Imaginons qu’une autre partie de cette population de 2 à 2,5 millions soit elle aussi abandonnée mais emmurée et entravée dans son territoire, ses oliviers, ses points d’eau par des centaines de check points et un lacis de routes réservés à des colons illégaux.
Que dirions-nous ? Que même si parmi ceux-là ne sont pas tirés pas des roquettes de fortune, il faut leur couper toute circulation, toute possibilité de développement et laisser sans réagir les colonies progresser, un mur (coût : déjà un milliard de dollars) entraver leurs champs et leur accès à l’eau.
Imaginons que dans une intervention contre des populations, une force d’occupation empêche tout accès aux journalistes. Que ceux-ci soient conduits par contre par des militaires avenants devant des éboulis accusateurs de roquettes rageuses. Que les images fournies soient celles de vues de loin sur les violences les plus extrêmes, et celles présentées en gros plan sur les violences les plus impuissantes, l’une et l’autre injustifiables.
Que dirions-nous ? Que les démocraties n’ont pas à savoir. Que l’opinion mondiale pourrait être influencée par la vue de scènes atroces et que cette sensibilité n’est que résultat d’une manipulation. Que les images d’enfants et de civils assassinés – nettement plus nombreuses d’un côté que de l’autre- sont suspectes de manipulations ?
Imaginons que les Nations Unies décident à la quasi-unanimité de protéger un peuple qui ne doit plus vivre dans le malheur mais accéder à sa souveraineté.
Que dirions-nous ? Que tel peuple peut, mais qu’un autre peuple son voisin n’y a pas droit. Que celui qui s’appuie sur l’Irgoun est qualifié mais celui qui s’appuie sur le Fatah puis le Hamas est disqualifié.
Imaginons qu’un Premier ministre obligé de quitter le pouvoir pour corruption se lance pendant les tout derniers jours d’une administration américaine criminelle discréditée dans une opération militaire de grande envergure.
Que dirions-nous ? Que c’est la loi de la démocratie ? Que c’est un risque à prendre pour assurer une sécurité illusoire.

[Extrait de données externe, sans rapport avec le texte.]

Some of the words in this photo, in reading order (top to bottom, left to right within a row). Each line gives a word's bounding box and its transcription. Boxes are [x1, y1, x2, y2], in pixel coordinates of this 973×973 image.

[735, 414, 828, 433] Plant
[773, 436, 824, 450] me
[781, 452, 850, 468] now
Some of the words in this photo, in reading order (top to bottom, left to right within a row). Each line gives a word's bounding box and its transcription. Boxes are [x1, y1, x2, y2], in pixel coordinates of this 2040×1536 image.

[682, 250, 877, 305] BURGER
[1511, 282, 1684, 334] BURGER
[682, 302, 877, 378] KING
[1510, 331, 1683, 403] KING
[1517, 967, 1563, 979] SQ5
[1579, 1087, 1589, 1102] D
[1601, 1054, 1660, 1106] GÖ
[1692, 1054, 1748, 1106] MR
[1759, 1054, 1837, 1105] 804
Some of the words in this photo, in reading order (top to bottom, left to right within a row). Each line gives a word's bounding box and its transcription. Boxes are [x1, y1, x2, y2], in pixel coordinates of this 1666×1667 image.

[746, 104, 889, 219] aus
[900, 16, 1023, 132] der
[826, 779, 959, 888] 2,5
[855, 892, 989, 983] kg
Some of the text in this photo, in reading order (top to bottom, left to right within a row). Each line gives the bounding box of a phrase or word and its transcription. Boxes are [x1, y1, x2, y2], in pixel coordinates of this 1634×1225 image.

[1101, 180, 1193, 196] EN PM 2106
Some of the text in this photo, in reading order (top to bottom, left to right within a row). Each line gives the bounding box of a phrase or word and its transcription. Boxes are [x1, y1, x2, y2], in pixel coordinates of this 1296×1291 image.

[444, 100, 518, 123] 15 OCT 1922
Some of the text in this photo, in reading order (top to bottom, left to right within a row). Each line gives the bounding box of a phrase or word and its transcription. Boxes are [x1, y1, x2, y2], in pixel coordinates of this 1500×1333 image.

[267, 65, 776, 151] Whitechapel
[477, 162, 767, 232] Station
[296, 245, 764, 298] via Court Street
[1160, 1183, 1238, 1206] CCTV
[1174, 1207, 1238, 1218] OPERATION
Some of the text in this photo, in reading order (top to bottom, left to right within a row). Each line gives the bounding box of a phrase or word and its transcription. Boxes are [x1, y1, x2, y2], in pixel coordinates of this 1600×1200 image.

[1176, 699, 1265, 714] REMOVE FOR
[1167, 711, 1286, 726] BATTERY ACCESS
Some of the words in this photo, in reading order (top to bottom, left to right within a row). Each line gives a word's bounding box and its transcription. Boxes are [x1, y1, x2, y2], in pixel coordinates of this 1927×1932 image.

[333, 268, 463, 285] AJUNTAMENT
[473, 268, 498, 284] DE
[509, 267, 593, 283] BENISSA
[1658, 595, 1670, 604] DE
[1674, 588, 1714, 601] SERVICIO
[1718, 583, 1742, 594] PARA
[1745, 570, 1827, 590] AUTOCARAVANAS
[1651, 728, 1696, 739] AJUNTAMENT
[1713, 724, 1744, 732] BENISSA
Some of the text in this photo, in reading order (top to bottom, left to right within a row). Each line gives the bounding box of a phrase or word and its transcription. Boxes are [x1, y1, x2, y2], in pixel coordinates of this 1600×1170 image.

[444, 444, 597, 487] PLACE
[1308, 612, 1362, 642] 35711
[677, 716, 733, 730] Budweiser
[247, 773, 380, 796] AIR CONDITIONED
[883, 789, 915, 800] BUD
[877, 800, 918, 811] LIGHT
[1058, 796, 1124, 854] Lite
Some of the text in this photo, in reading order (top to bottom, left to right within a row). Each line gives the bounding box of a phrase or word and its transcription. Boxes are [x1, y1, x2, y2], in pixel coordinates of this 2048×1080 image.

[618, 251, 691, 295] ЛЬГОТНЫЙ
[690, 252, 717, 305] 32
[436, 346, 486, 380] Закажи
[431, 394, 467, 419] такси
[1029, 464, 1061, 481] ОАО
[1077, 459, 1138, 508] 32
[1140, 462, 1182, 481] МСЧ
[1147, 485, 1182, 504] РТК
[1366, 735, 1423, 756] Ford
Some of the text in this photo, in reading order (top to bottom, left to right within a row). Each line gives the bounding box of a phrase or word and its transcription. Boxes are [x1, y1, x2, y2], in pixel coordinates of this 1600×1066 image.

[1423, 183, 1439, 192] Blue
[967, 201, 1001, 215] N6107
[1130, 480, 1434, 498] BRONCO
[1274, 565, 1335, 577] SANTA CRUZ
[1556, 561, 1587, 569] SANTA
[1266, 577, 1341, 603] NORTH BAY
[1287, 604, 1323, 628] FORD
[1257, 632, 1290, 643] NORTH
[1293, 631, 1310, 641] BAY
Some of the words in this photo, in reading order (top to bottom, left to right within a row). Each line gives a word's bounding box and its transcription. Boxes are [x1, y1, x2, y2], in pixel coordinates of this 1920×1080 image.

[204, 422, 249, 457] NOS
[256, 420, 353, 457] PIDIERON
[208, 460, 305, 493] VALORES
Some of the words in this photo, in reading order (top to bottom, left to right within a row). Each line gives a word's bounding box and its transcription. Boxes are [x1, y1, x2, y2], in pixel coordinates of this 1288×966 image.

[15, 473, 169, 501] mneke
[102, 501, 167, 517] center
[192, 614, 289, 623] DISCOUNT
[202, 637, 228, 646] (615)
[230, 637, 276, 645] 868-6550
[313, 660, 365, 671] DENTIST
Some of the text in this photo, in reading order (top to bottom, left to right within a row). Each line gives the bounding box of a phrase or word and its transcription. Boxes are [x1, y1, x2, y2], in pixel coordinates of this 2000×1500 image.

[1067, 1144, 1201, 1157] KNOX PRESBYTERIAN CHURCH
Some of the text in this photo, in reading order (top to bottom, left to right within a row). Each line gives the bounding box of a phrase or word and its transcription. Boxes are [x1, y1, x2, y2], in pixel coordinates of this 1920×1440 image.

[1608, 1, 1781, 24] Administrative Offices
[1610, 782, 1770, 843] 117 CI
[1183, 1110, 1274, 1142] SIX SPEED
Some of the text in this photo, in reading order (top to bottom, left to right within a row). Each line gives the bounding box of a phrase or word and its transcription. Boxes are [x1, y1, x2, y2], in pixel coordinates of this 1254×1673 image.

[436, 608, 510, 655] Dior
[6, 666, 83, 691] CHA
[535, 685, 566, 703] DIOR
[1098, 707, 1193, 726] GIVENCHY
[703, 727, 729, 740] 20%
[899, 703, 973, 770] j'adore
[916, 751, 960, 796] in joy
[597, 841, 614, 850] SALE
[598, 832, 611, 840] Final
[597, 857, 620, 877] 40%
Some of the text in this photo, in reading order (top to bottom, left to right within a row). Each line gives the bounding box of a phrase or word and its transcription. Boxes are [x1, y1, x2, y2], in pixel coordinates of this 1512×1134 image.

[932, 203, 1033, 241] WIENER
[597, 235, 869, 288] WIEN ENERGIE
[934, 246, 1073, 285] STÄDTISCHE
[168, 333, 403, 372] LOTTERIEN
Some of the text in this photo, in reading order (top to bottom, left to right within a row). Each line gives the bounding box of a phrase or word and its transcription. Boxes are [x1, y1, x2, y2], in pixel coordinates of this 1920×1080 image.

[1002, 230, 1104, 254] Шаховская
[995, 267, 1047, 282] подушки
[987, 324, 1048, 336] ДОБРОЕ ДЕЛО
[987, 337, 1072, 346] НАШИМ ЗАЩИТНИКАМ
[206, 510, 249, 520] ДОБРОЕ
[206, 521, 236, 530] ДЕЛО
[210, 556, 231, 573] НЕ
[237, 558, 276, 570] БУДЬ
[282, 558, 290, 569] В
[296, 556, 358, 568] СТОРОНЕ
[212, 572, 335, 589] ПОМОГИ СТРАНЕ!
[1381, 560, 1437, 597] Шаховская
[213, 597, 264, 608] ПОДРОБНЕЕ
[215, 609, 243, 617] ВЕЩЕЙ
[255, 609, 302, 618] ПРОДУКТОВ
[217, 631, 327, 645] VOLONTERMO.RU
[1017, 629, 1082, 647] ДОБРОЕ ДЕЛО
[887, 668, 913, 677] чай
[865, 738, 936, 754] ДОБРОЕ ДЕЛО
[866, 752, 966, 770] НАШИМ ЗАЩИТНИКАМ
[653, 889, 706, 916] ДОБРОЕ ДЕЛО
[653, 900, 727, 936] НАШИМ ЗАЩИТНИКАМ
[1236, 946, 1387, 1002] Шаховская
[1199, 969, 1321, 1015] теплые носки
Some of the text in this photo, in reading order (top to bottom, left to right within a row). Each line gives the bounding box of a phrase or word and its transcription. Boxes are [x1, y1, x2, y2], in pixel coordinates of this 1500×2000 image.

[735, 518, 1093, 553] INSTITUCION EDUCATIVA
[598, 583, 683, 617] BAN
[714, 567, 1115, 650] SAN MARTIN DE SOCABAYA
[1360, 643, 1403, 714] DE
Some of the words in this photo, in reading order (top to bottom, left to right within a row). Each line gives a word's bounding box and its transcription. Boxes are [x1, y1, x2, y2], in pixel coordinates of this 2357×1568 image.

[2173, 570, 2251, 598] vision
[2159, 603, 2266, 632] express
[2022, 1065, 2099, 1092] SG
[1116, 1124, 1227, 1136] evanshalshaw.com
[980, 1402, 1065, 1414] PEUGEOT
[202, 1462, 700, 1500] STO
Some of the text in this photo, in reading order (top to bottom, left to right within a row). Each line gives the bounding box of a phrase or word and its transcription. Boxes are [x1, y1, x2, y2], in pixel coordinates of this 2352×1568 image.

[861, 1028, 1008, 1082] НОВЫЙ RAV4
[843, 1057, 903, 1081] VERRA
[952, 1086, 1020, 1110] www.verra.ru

Imaginons qu’une secrétaire d’état états-unien mette au point une résolution contraignante de cessez le feu, que la communauté internationale trouve un compromis, que seul le premier ministre dirigeant l’invasion s’y oppose, qu’il parvienne à retourner un président états-unien honni et qu’il s’en vante devant les caméras.
Que dirions-nous ? Que nous avons à faire à des gens responsables, dignes de confiance ? Qu’il faut faire échouer toutes les tentatives diplomatiques ?
Préfiguration du monde de demain ?
Imaginons que le complexe militaro-industriel dénoncé par Eisenhower et porté sans retenue par Bush, Cheney et Rumsfeld trouve dans l’état pionnier d’Israël désormais un vis-à-vis incontrôlé regroupant dans l’opacité l’armée, le renseignement et “l’intelligence” verrouillant ébauche de solution.
Que dirions-nous ? Que c’est la démocratie en marche et la préfiguration du monde de demain ? Qu’il sera fait de forteresses, de résidences sur-armées, d’électronique de surveillance et qu’il faudra bien se défendre contre les revendications des perdants.
Imaginons que la Croix rouge, Human Rights Watch, les médecins sur place dénoncent de graves infractions au droit international.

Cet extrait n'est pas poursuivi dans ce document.